Sticta (Schreb.) Ach.
Type : Sticta sylvatica (Huds.) Ach. [=Lichen sylvaticus Huds.]
Description : Thallus foliose, heteromerous, dorsiventral, lobate, irregularly spreading, ±loosely attached or appearing ±unattached, or attached by a root-like holdfast, developing a distinctive, erect, ±terete stalk from which develop monophyllous to polyphyllous lobes, 2–10(–15) cm diam. Lobes irregularly branching, rounded to imbricate to variously incised, often lacerate-notched, with or without isidia, phyllidia or soredia, tough, coriaceous to fragile, thin to thick. Upper surface smooth, wrinkled or obscurely ridged, sometimes shallowly pitted or faveolate, glossy or matt, with or without isidia, maculae, phyllidia or soredia. Medulla white. Photobiont green or cyanobacterial (in taxa with green primary photobionts, cyanobacteria are also present in internal cephalodia). Lower surface pale or dark, glabrous or tomentose, cyphellae always present. Cyphellae round to irregular, with a well-defined, often raised margin, the floor of the cyphellae bounded by a membrane and not of projecting medullary hyphae (as in Pseudocyphellaria), membrane white, orange or pinkish yellow. Ascomata apothecia, often rather sparsely developed, hemiangiocarpic, laminal, rarely marginal, sessile or pedicellate, margins entire or crenate; disc matt or glossy, not pruinose; exciple well-developed, paler than disc, lacking photobiont cells, smooth or verrucose-scabrid. Hymenium hyaline to pale straw-yellow, 70–150 μm tall, I+ blue; hamathecium of simple, septate, filiform paraphyses, swollen and sometimes pigmented at apices; hypothecium opaque, of densely interwoven hyphae, pale to dark yellow-brown or red-brown. Asci shorter than paraphyses, cylindrical to clavate. Ascospores 8 per ascus, colourless or brown, fusiform-ellipsoidal to broadly ellipsoidal, generally 1–3-septate, rarely 5–7-septate. Conidiomata pycnidia, immersed, punctate to subglobose (Lobaria -type as in Pseudocyphellaria). Conidia colourless, short, bacillar to sublageniform, borne laterally and terminally on simple to slightly branched conidiophores.

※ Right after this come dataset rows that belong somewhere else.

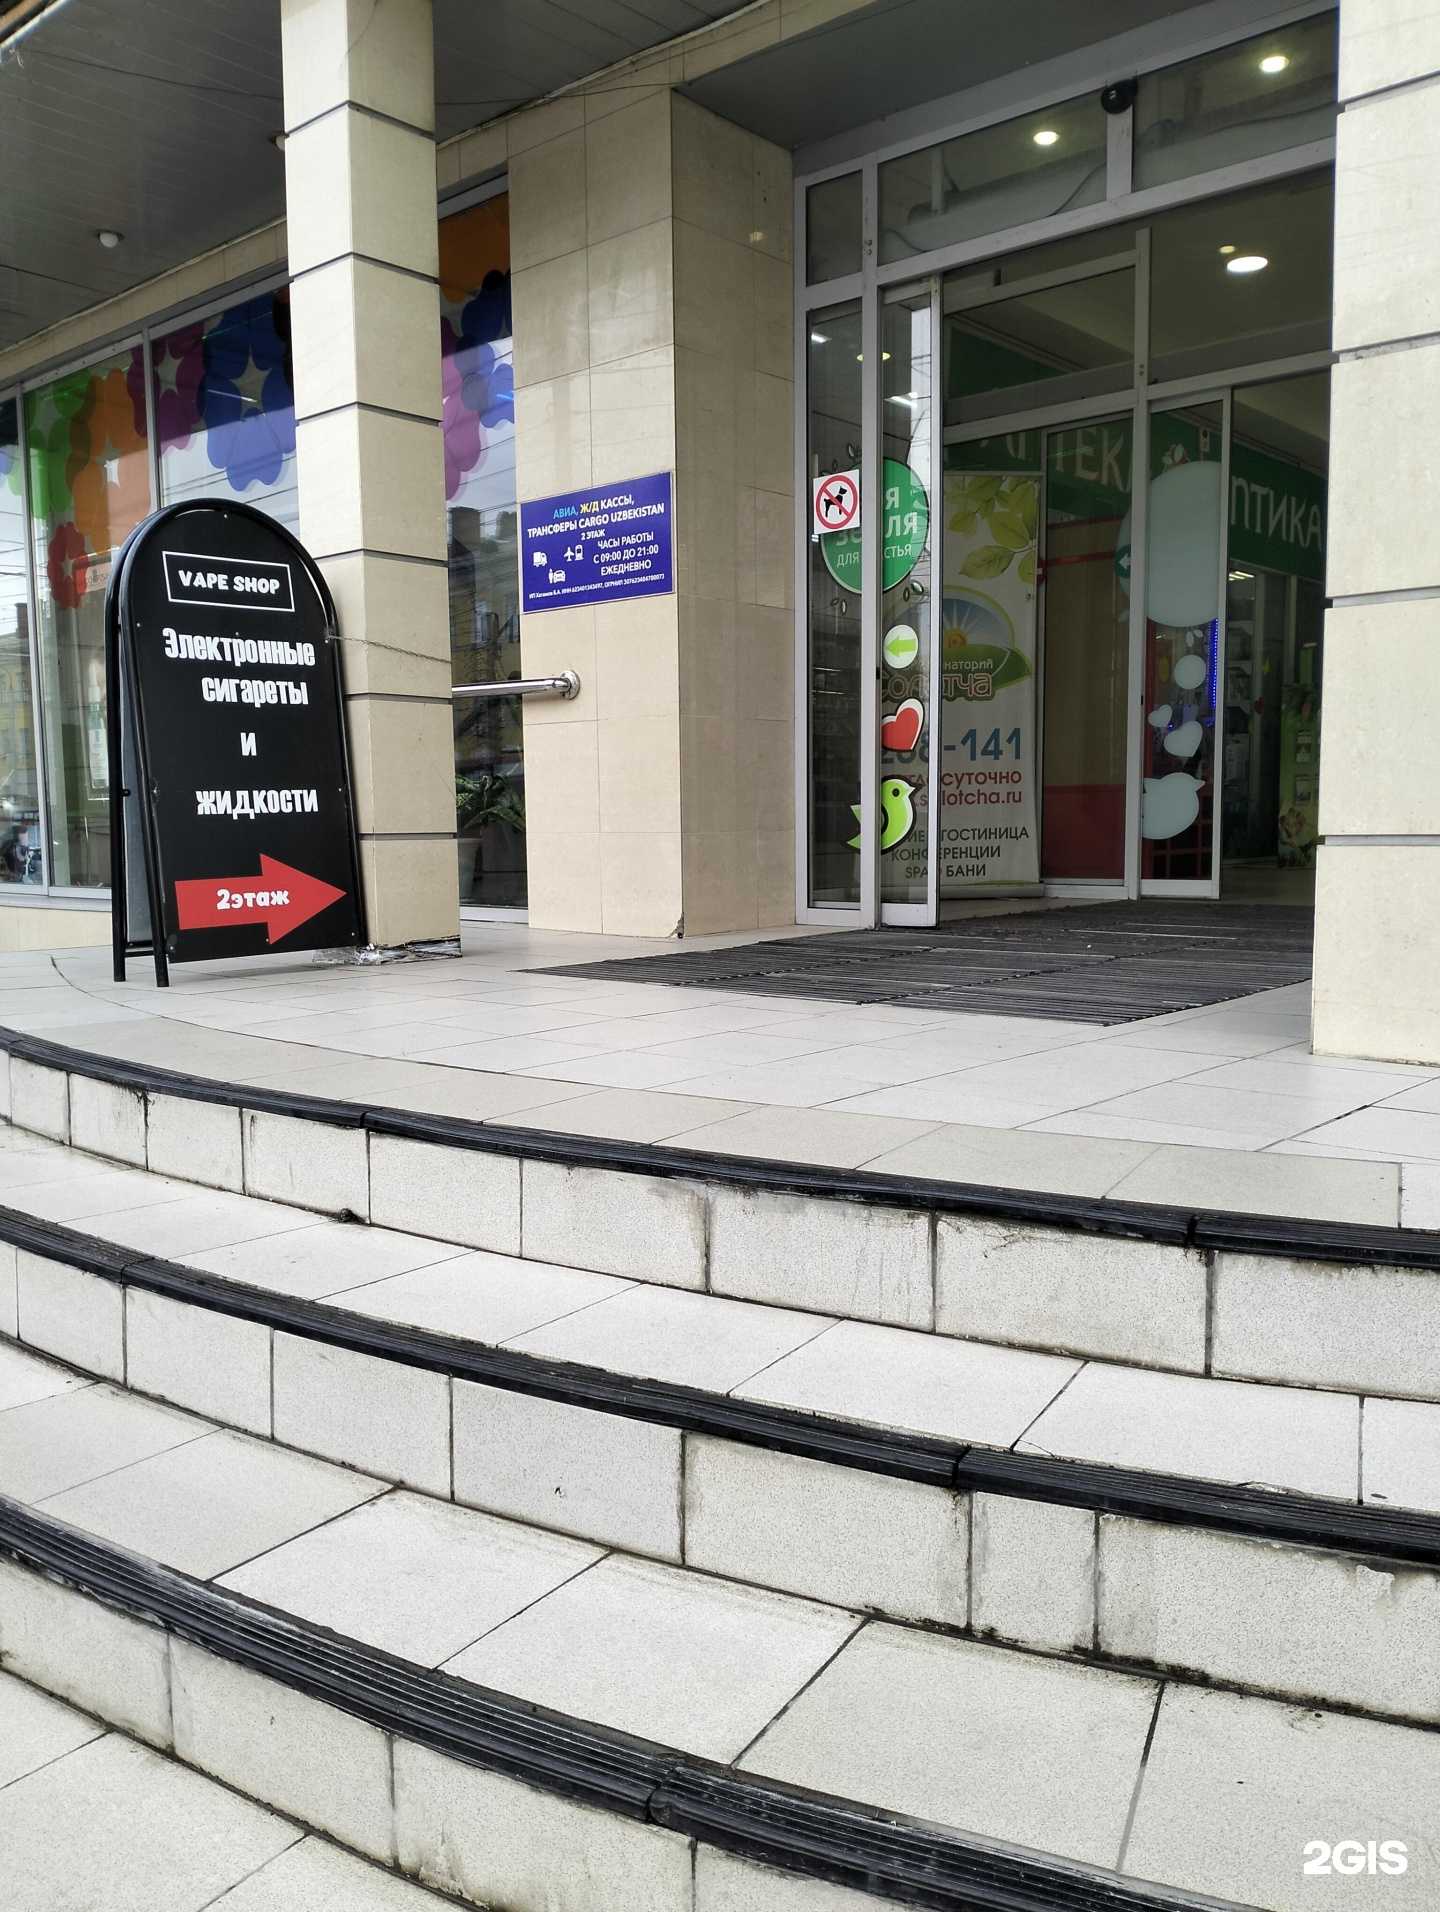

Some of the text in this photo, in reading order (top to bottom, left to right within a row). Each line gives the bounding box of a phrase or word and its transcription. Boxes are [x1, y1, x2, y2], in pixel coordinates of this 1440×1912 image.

[553, 494, 635, 520] АВИА, Ж/Д КАССЫ,
[1230, 475, 1322, 552] ПТИКА
[527, 502, 665, 539] ТРАНСФЕРЫ CARGO UZBEKISTAN
[580, 528, 606, 541] 2 ЭТАЖ
[598, 531, 654, 550] ЧАСЫ РАБОТЫ
[600, 551, 622, 563] 09:00
[622, 548, 636, 561] ДО
[636, 543, 659, 558] 21:00
[600, 559, 652, 576] ЕЖЕДНЕВНО
[178, 570, 280, 594] VAPE SHOP
[162, 628, 316, 667] Электронные
[201, 676, 308, 707] сигареты
[196, 789, 318, 819] жидкости
[945, 864, 987, 877] БАНИ
[216, 888, 290, 911] 2этаж
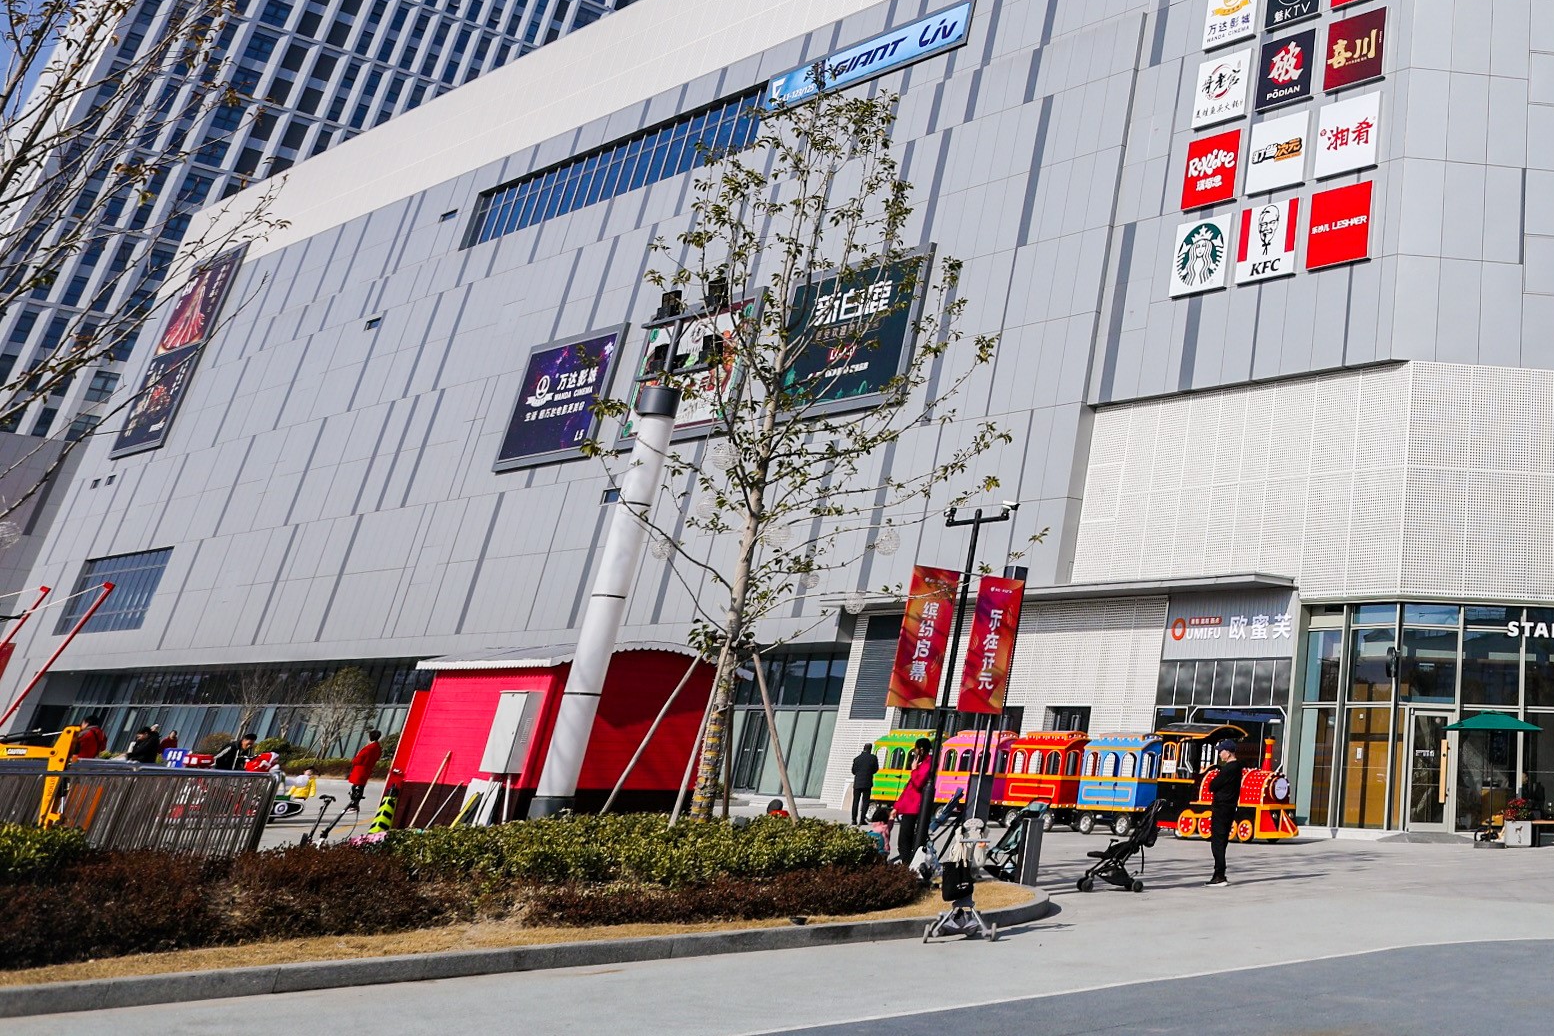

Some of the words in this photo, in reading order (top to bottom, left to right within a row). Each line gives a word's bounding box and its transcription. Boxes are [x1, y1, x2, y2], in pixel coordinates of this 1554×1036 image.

[1206, 33, 1226, 43] WANDA
[1228, 25, 1250, 36] CINEMA
[1207, 12, 1251, 36] 万达影城
[835, 35, 908, 77] GIANT
[918, 18, 958, 48] Liv
[1267, 40, 1304, 83] 破
[1327, 28, 1378, 69] 喜川
[1326, 116, 1374, 151] 湘肴
[1249, 257, 1281, 277] KFC
[556, 366, 599, 391] 万达影城
[553, 390, 572, 402] WANDA
[573, 385, 594, 397] CINEMA
[1171, 617, 1221, 641] OUMIFU
[1228, 613, 1293, 641] 欧蜜芙
[909, 601, 940, 683] 缤纷启幕
[977, 609, 1004, 690] 乐在开元

Chemistry : No acetone-soluble compounds detected by TLC. Species of Sticta have a range of water-soluble, simple monosaccharides such as sugars and polyhydric alcohols, especially mannitol and D-arabinitol. Methylamines give a number of species (especially those with cyanobacterial photobionts) a distinctive, fishy smell.
Key
Species of Sticta are large, conspicuous, foliose lichens characterised by a ±tomentose lower surface with cyphellae (Yoshimura & Hurutani 1987) as constantly occurring structures, a distinctive and readily observed character that readily distinguishes this genus from Lobaria and Pseudocyphellaria with which it was often confused in the past. It is included in the family Lobariaceae (Eriksson et al. 2004; Pennycook & Galloway 2004; Eriksson 2005) with c. 105 species known worldwide, though this is probably a considerable underestimate (Galloway & Thomas 2004). For a concise introduction to the genus, its morphology, anatomy and biology see Galloway (1994c). Additional studies on the genus include Galloway (1994b, 1995a, 1997, 1998e, 2001f), McDonald et al. (2003) and Galloway & Thomas (2004). Fourteen species are known from New Zealand. Several species are parasitised by the lichenicolous fungus * Plectocarpon (Ertz et al. 2005).